[PROBLEM STATEMENT] Reproduce the data in its entirety, exactly as supplied.

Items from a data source
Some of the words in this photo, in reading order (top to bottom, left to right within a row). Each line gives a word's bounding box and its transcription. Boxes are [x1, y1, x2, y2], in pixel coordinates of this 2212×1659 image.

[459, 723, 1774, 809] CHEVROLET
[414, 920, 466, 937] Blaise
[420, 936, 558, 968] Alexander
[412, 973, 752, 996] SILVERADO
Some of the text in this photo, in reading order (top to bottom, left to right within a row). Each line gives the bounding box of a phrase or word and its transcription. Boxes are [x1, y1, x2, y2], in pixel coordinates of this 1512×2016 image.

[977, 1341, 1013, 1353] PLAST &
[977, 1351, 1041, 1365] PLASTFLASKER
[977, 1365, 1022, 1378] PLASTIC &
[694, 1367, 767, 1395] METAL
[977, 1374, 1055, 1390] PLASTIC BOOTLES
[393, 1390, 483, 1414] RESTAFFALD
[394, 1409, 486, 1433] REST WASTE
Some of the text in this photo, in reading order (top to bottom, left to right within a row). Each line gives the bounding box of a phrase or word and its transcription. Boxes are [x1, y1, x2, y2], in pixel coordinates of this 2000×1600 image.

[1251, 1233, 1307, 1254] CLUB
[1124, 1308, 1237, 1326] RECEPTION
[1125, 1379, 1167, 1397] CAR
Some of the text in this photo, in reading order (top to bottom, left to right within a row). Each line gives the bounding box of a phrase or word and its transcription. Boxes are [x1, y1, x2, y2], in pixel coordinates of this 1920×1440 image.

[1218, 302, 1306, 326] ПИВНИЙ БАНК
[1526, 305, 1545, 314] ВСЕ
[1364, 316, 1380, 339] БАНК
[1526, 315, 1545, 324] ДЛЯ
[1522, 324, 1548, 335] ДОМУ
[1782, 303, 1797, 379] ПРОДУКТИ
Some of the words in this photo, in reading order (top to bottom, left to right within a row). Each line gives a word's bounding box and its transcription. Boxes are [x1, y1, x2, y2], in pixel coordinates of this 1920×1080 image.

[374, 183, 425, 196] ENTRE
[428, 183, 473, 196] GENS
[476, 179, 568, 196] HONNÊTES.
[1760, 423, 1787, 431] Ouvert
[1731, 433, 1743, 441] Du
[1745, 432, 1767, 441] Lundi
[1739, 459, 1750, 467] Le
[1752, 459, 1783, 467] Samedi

[REPLY]
Some of the words in this photo, in reading order (top to bottom, left to right within a row). Each line gives a word's bounding box and its transcription. Boxes are [x1, y1, x2, y2], in pixel coordinates of this 2212×1659 image.

[459, 723, 1774, 809] CHEVROLET
[414, 920, 466, 937] Blaise
[420, 936, 558, 968] Alexander
[412, 973, 752, 996] SILVERADO
Some of the text in this photo, in reading order (top to bottom, left to right within a row). Each line gives the bounding box of a phrase or word and its transcription. Boxes are [x1, y1, x2, y2], in pixel coordinates of this 1512×2016 image.

[977, 1341, 1013, 1353] PLAST &
[977, 1351, 1041, 1365] PLASTFLASKER
[977, 1365, 1022, 1378] PLASTIC &
[694, 1367, 767, 1395] METAL
[977, 1374, 1055, 1390] PLASTIC BOOTLES
[393, 1390, 483, 1414] RESTAFFALD
[394, 1409, 486, 1433] REST WASTE
Some of the text in this photo, in reading order (top to bottom, left to right within a row). Each line gives the bounding box of a phrase or word and its transcription. Boxes are [x1, y1, x2, y2], in pixel coordinates of this 2000×1600 image.

[1251, 1233, 1307, 1254] CLUB
[1124, 1308, 1237, 1326] RECEPTION
[1125, 1379, 1167, 1397] CAR
Some of the text in this photo, in reading order (top to bottom, left to right within a row). Each line gives the bounding box of a phrase or word and its transcription. Boxes are [x1, y1, x2, y2], in pixel coordinates of this 1920×1440 image.

[1218, 302, 1306, 326] ПИВНИЙ БАНК
[1526, 305, 1545, 314] ВСЕ
[1364, 316, 1380, 339] БАНК
[1526, 315, 1545, 324] ДЛЯ
[1522, 324, 1548, 335] ДОМУ
[1782, 303, 1797, 379] ПРОДУКТИ
Some of the words in this photo, in reading order (top to bottom, left to right within a row). Each line gives a word's bounding box and its transcription. Boxes are [x1, y1, x2, y2], in pixel coordinates of this 1920×1080 image.

[374, 183, 425, 196] ENTRE
[428, 183, 473, 196] GENS
[476, 179, 568, 196] HONNÊTES.
[1760, 423, 1787, 431] Ouvert
[1731, 433, 1743, 441] Du
[1745, 432, 1767, 441] Lundi
[1739, 459, 1750, 467] Le
[1752, 459, 1783, 467] Samedi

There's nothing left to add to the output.